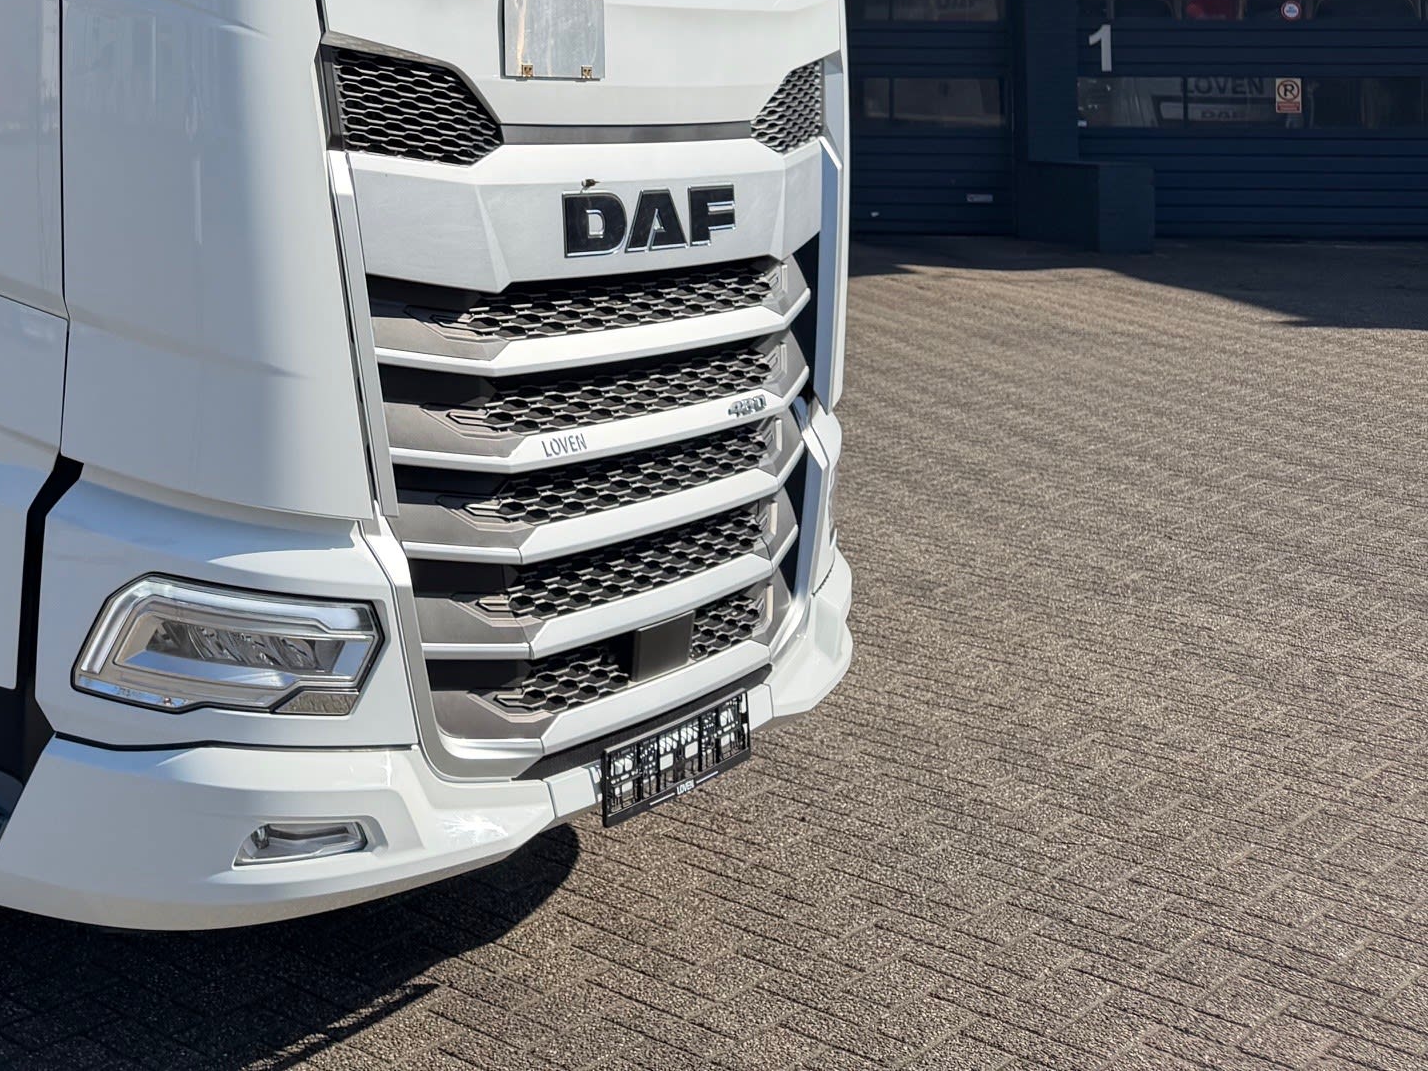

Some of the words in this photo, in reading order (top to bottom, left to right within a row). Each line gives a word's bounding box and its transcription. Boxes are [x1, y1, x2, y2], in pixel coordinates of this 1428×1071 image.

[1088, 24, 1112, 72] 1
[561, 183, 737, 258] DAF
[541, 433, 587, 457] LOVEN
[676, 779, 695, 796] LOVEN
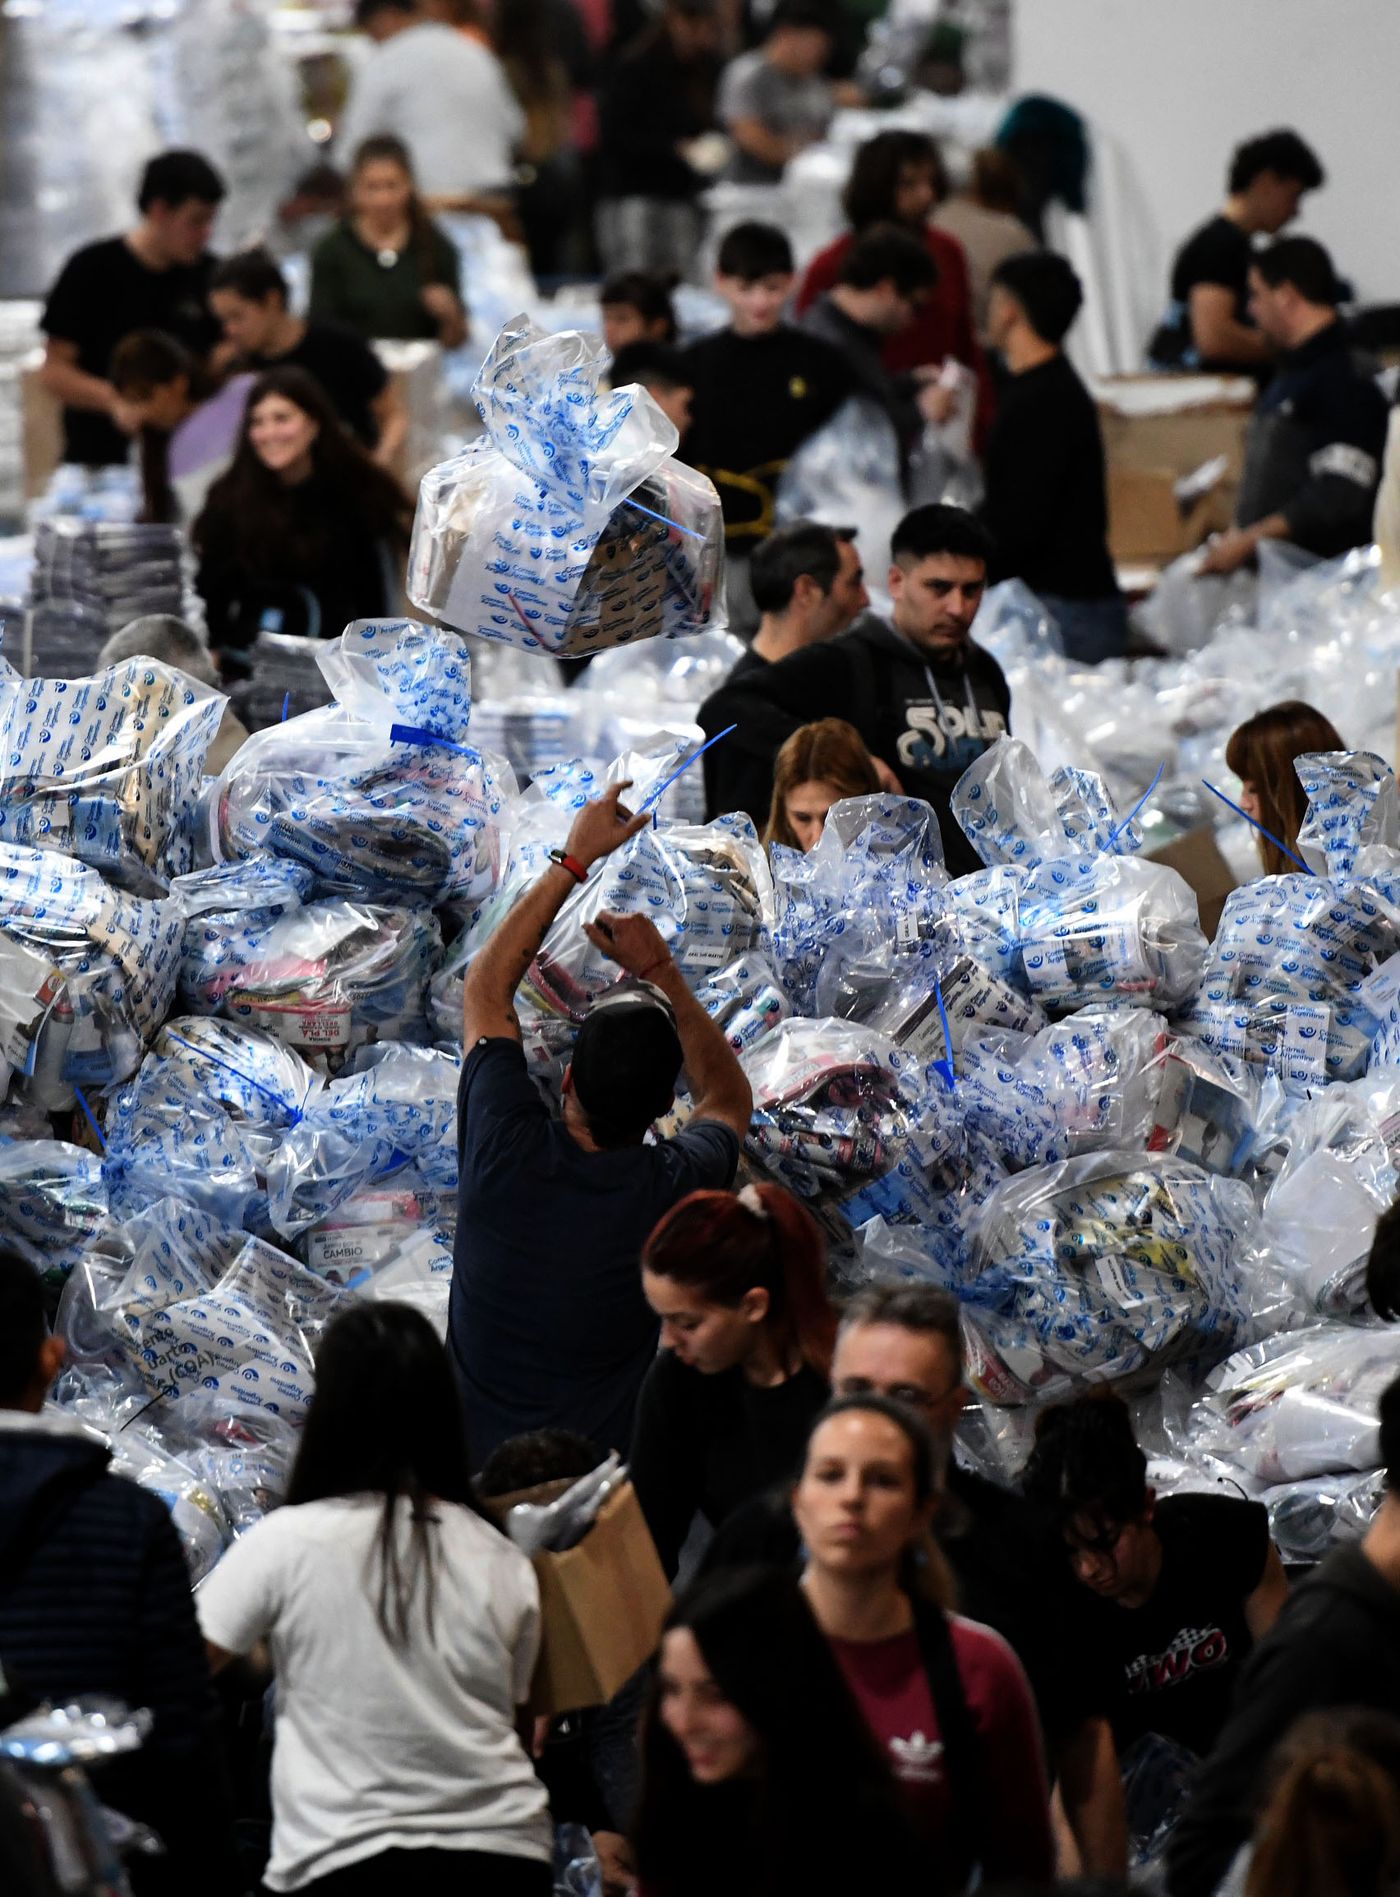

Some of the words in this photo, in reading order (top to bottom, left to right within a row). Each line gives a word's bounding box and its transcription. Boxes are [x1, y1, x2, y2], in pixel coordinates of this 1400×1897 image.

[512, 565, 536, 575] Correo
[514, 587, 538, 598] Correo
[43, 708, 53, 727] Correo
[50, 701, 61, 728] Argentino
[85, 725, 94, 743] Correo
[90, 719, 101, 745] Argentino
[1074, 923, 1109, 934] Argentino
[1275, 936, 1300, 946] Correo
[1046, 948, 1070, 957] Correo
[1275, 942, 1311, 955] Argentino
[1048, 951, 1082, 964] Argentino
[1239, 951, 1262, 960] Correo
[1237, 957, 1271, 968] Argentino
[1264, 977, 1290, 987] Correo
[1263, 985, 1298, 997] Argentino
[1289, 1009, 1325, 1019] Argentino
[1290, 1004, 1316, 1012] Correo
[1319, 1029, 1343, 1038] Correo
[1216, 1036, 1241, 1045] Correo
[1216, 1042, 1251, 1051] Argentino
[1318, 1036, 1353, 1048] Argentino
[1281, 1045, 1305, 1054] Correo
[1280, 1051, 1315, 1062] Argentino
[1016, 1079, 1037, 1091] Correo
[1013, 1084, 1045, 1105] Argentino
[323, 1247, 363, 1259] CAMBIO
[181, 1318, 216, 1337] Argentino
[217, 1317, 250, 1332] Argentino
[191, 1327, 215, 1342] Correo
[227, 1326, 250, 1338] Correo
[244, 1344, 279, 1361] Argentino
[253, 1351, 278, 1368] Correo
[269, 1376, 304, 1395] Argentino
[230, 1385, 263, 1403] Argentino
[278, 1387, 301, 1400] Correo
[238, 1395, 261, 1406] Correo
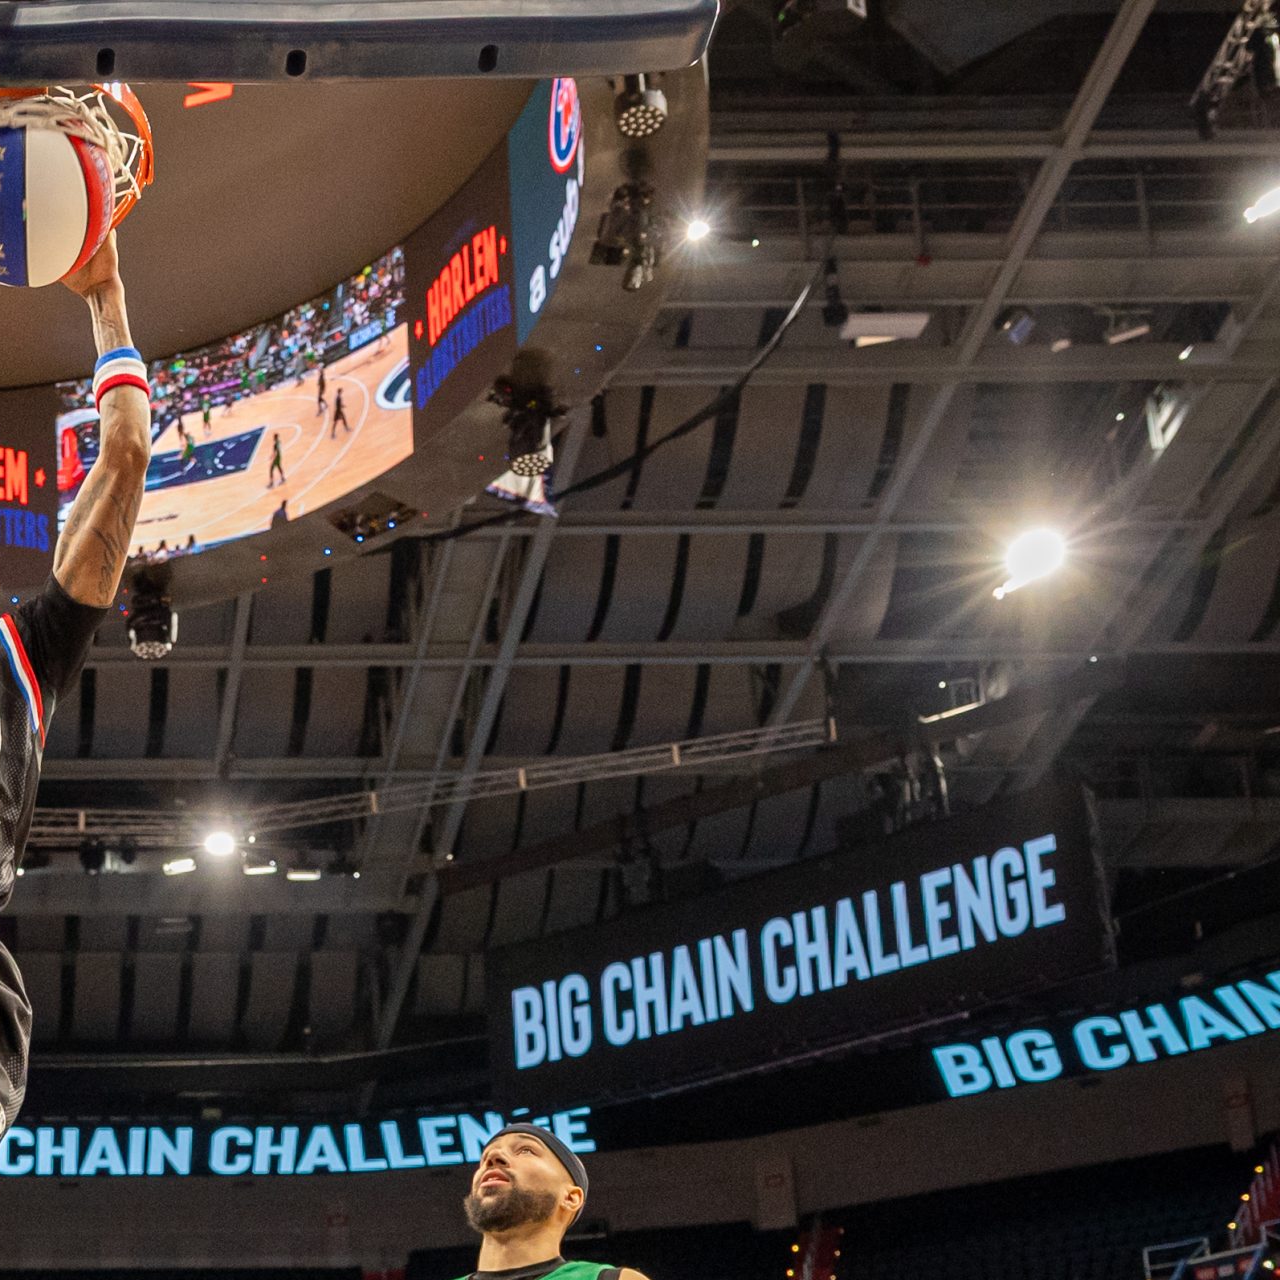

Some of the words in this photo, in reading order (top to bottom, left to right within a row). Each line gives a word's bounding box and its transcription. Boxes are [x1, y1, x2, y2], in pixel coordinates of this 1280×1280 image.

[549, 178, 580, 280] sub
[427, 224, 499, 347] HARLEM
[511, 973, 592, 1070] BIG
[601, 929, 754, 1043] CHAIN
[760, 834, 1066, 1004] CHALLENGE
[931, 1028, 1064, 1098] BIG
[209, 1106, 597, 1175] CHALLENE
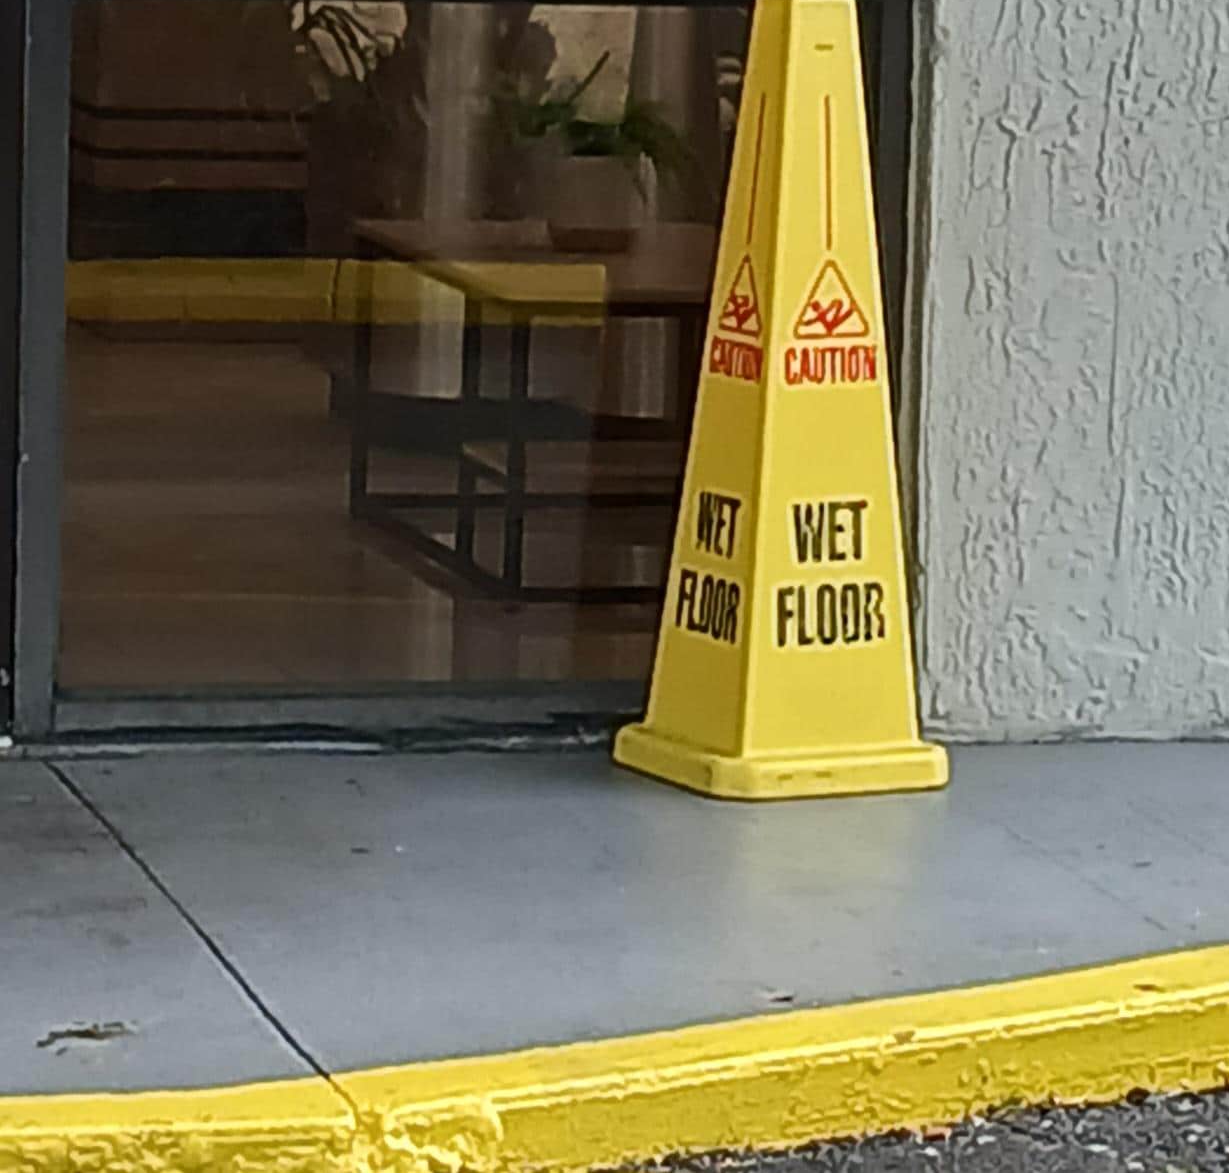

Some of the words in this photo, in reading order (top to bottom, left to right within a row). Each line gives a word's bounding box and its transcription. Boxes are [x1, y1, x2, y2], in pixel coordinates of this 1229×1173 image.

[Requirement] Write the material above out again exactly. Omit every image.

[Result below]
Some of the words in this photo, in reading order (top to bottom, left to right within a row). Each line gives a word's bounding box and its transcription. Boxes are [x1, y1, x2, y2], in pixel coordinates of this 1428×1071 image.

[1088, 24, 1112, 72] 1
[561, 183, 737, 258] DAF
[541, 433, 587, 457] LOVEN
[676, 779, 695, 796] LOVEN

Some of the words in this photo, in reading order (top to bottom, left to right within a row). Each line gives a word's bounding box and its transcription. Boxes are [x1, y1, x2, y2], in pixel coordinates of this 1400×1897 image.

[512, 565, 536, 575] Correo
[514, 587, 538, 598] Correo
[43, 708, 53, 727] Correo
[50, 701, 61, 728] Argentino
[85, 725, 94, 743] Correo
[90, 719, 101, 745] Argentino
[1074, 923, 1109, 934] Argentino
[1275, 936, 1300, 946] Correo
[1046, 948, 1070, 957] Correo
[1275, 942, 1311, 955] Argentino
[1048, 951, 1082, 964] Argentino
[1239, 951, 1262, 960] Correo
[1237, 957, 1271, 968] Argentino
[1264, 977, 1290, 987] Correo
[1263, 985, 1298, 997] Argentino
[1289, 1009, 1325, 1019] Argentino
[1290, 1004, 1316, 1012] Correo
[1319, 1029, 1343, 1038] Correo
[1216, 1036, 1241, 1045] Correo
[1216, 1042, 1251, 1051] Argentino
[1318, 1036, 1353, 1048] Argentino
[1281, 1045, 1305, 1054] Correo
[1280, 1051, 1315, 1062] Argentino
[1016, 1079, 1037, 1091] Correo
[1013, 1084, 1045, 1105] Argentino
[323, 1247, 363, 1259] CAMBIO
[181, 1318, 216, 1337] Argentino
[217, 1317, 250, 1332] Argentino
[191, 1327, 215, 1342] Correo
[227, 1326, 250, 1338] Correo
[244, 1344, 279, 1361] Argentino
[253, 1351, 278, 1368] Correo
[269, 1376, 304, 1395] Argentino
[230, 1385, 263, 1403] Argentino
[278, 1387, 301, 1400] Correo
[238, 1395, 261, 1406] Correo

Some of the words in this photo, in reading order (top to bottom, left to right within a row). Each line gives a word's bounding box and its transcription. Boxes are [x1, y1, x2, y2], in pixel coordinates of this 1280×1280 image.

[549, 178, 580, 280] sub
[427, 224, 499, 347] HARLEM
[511, 973, 592, 1070] BIG
[601, 929, 754, 1043] CHAIN
[760, 834, 1066, 1004] CHALLENGE
[931, 1028, 1064, 1098] BIG
[209, 1106, 597, 1175] CHALLENE

Some of the words in this photo, in reading order (top to bottom, left to right within a row). Each line gives a word's bounding box and its transcription. Boxes are [x1, y1, x2, y2], in pixel coordinates of this 1229×1173 image.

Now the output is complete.